Clinical and pharmacokinetic drug-drug interaction data are currently available only for Metformin plus glyburide (glibenclamide).

With concomitant Metformin hydrochloride and sulfonylurea therapy, the desired control of blood glucose may be obtained by adjusting the dose of each drug.

In a clinical trial of patients with type 2 diabetes and prior failure on glyburide, patients started on Metformin hydrochloride 500 mg and glyburide 20 mg were titrated to 1000/20 mg, 1500/20 mg, 2000/20 mg or 2500/20 mg of Metformin hydrochloride and glyburide, respectively, to reach the goal of glycemic control as measured by FPG, HbA 1c and plasma glucose response (see CLINICAL PHARMACOLOGY: Clinical Studies ).

However, attempts should be made to identify the minimum effective dose of each drug to achieve this goal.

With concomitant Metformin hydrochloride and sulfonylurea therapy, the risk of hypoglycemia associated with sulfonylurea therapy continues and may be increased.

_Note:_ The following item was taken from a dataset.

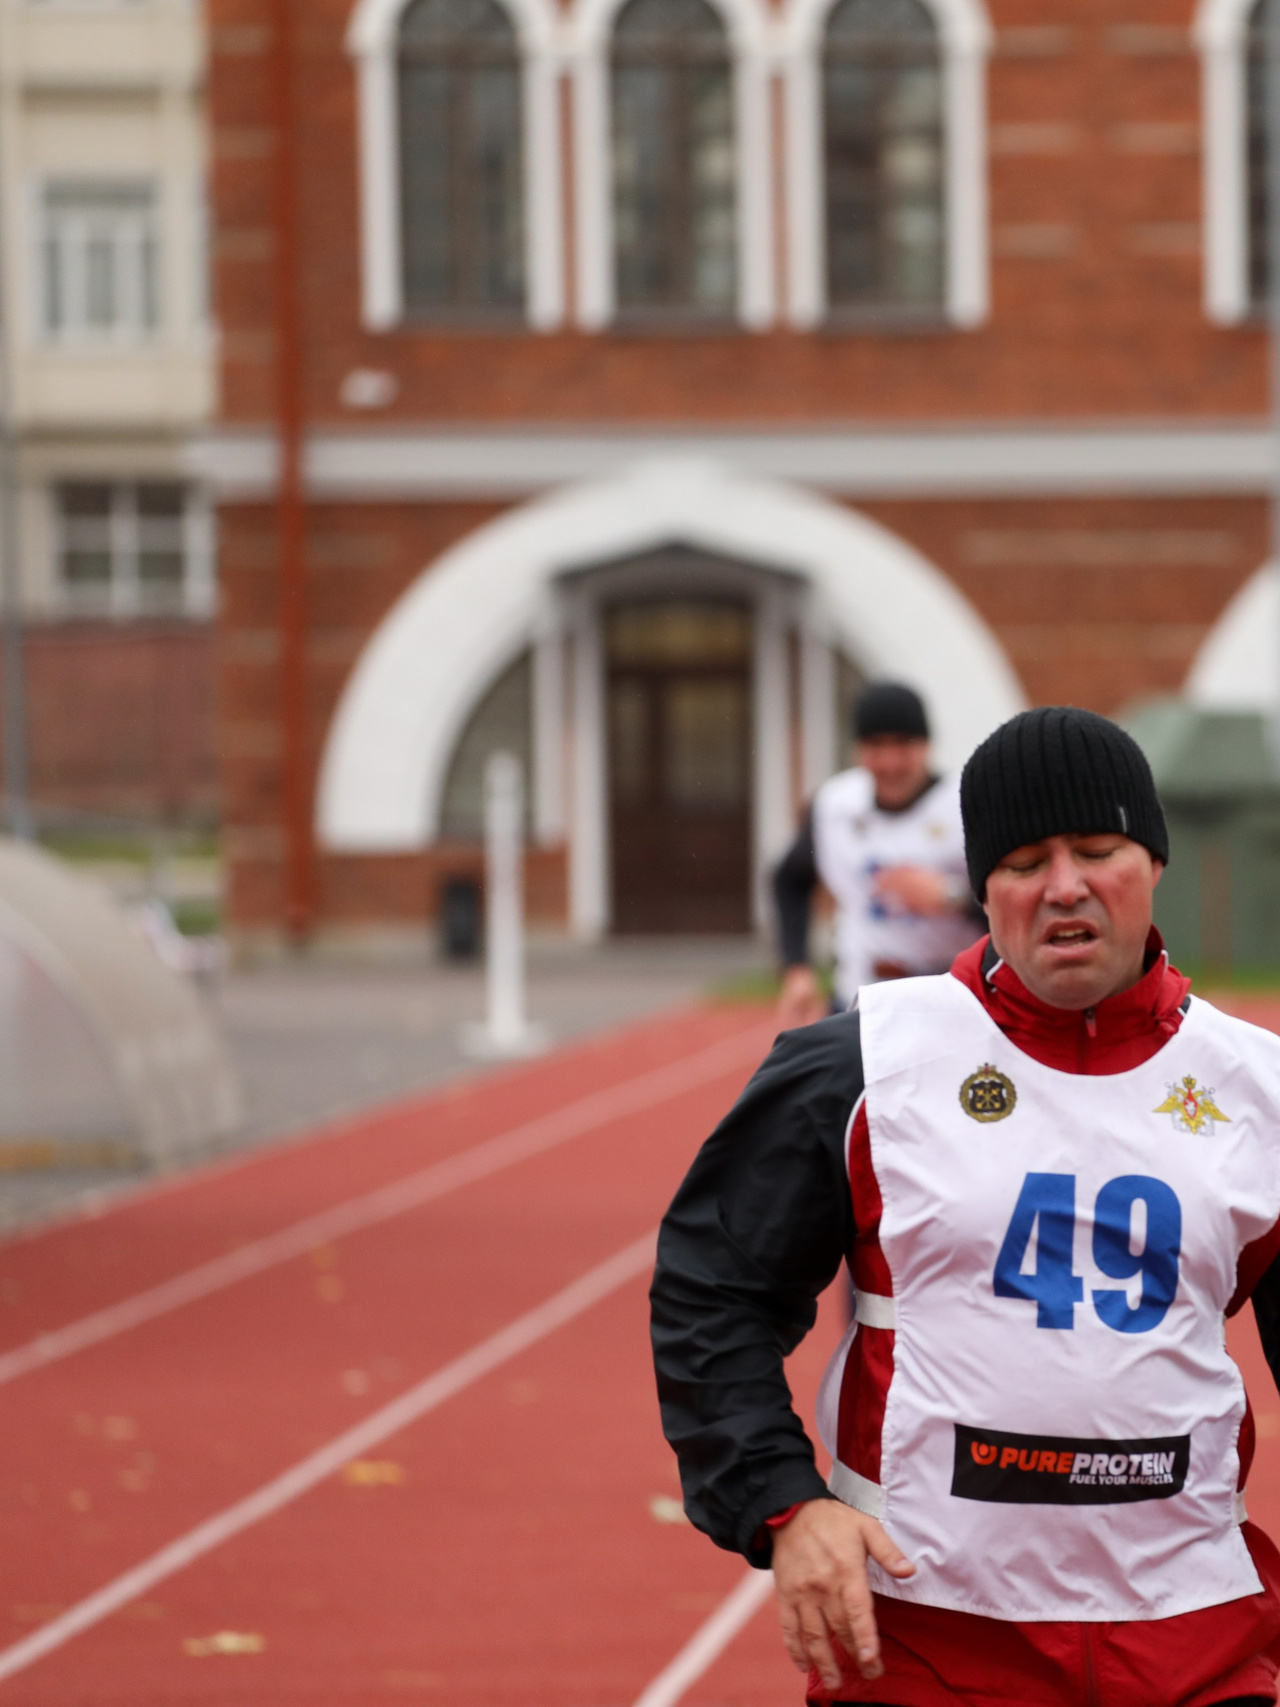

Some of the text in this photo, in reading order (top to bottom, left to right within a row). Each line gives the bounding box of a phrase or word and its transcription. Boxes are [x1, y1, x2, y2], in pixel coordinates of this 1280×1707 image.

[993, 1172, 1182, 1334] 49
[1069, 1474, 1097, 1484] FUEL
[1099, 1474, 1128, 1485] YOUR

Appropriate precautions should be taken.

(See Package Insert of the respective sulfonylurea.) If patients have not satisfactorily responded to one to three months of concomitant therapy with the maximum dose of Metformin hydrochloride and the maximum dose of an oral sulfonylurea, consider therapeutic alternatives including switching to insulin with or without Metformin hydrochloride.

Concomitant Metformin Hydrochloride and Insulin Therapy in Adult Patients The current insulin dose should be continued upon initiation of Metformin hydrochloride therapy.

Metformin hydrochloride therapy should be initiated at 500 mg once daily in patients on insulin therapy.

For patients not responding adequately, the dose of Metformin hydrochloride should be increased by 500 mg after approximately 1 week and by 500 mg every week thereafter until adequate glycemic control is achieved.

The maximum recommended daily dose is 2500 mg for Metformin hydrochloride.

It is recommended that the insulin dose be decreased by 10% to 25% when fasting plasma glucose concentrations decrease to less than 120 mg/dL in patients receiving concomitant insulin and Metformin hydrochloride.

Further adjustment should be individualized based on glucose-lowering response.

Specific Patient Populations Metformin hydrochloride is not recommended for use in pregnancy.

Metformin hydrochloride is not recommended in patients below the age of 10 years.

The initial and maintenance dosing of Metformin hydrochloride should be conservative in patients with advanced age, due to the potential for decreased renal function in this population.

Any dosage adjustment should be based on a careful assessment of renal function.

Generally, elderly, debilitated, and malnourished patients should not be titrated to the maximum dose of Metformin hydrochloride.

Monitoring of renal function is necessary to aid in prevention of lactic acidosis, particularly in the elderly.